Problem to solve » Your task is to restate every entry below word for word and omit the images.

Records supplied »
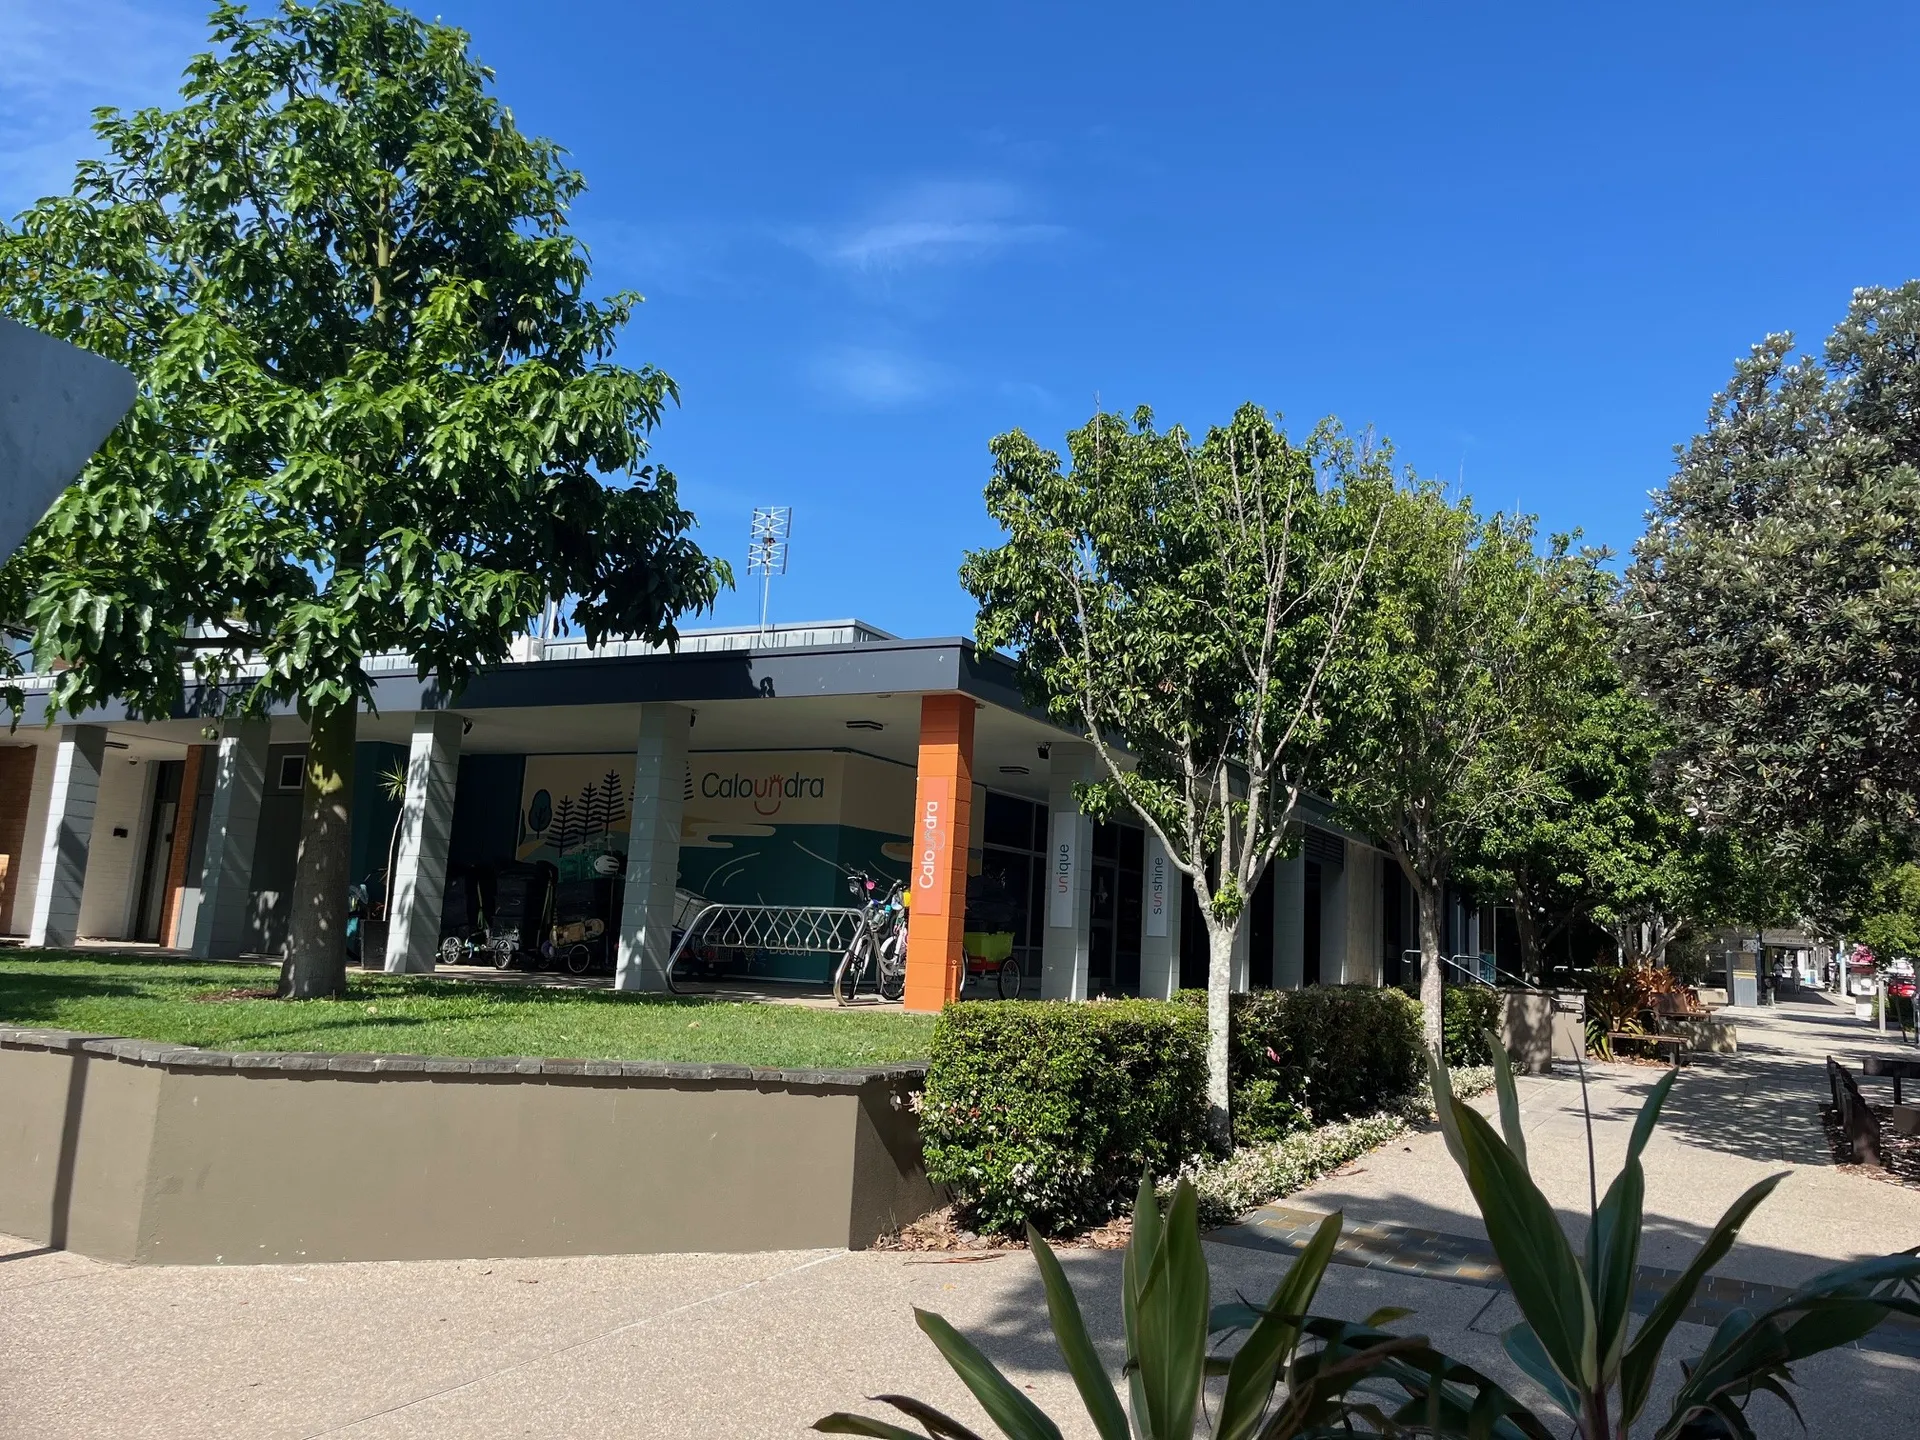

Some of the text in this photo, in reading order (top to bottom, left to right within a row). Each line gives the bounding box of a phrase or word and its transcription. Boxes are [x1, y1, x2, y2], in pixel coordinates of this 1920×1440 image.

[702, 772, 824, 798] Caloundra
[919, 801, 939, 888] Caloundra
[1056, 844, 1071, 893] unique
[1152, 857, 1163, 915] sunshine

Response to this task »
Some of the text in this photo, in reading order (top to bottom, left to right within a row). Each line gives the bounding box of a phrase or word and its transcription. Boxes are [x1, y1, x2, y2], in pixel coordinates of this 1920×1440 image.

[702, 772, 824, 798] Caloundra
[919, 801, 939, 888] Caloundra
[1056, 844, 1071, 893] unique
[1152, 857, 1163, 915] sunshine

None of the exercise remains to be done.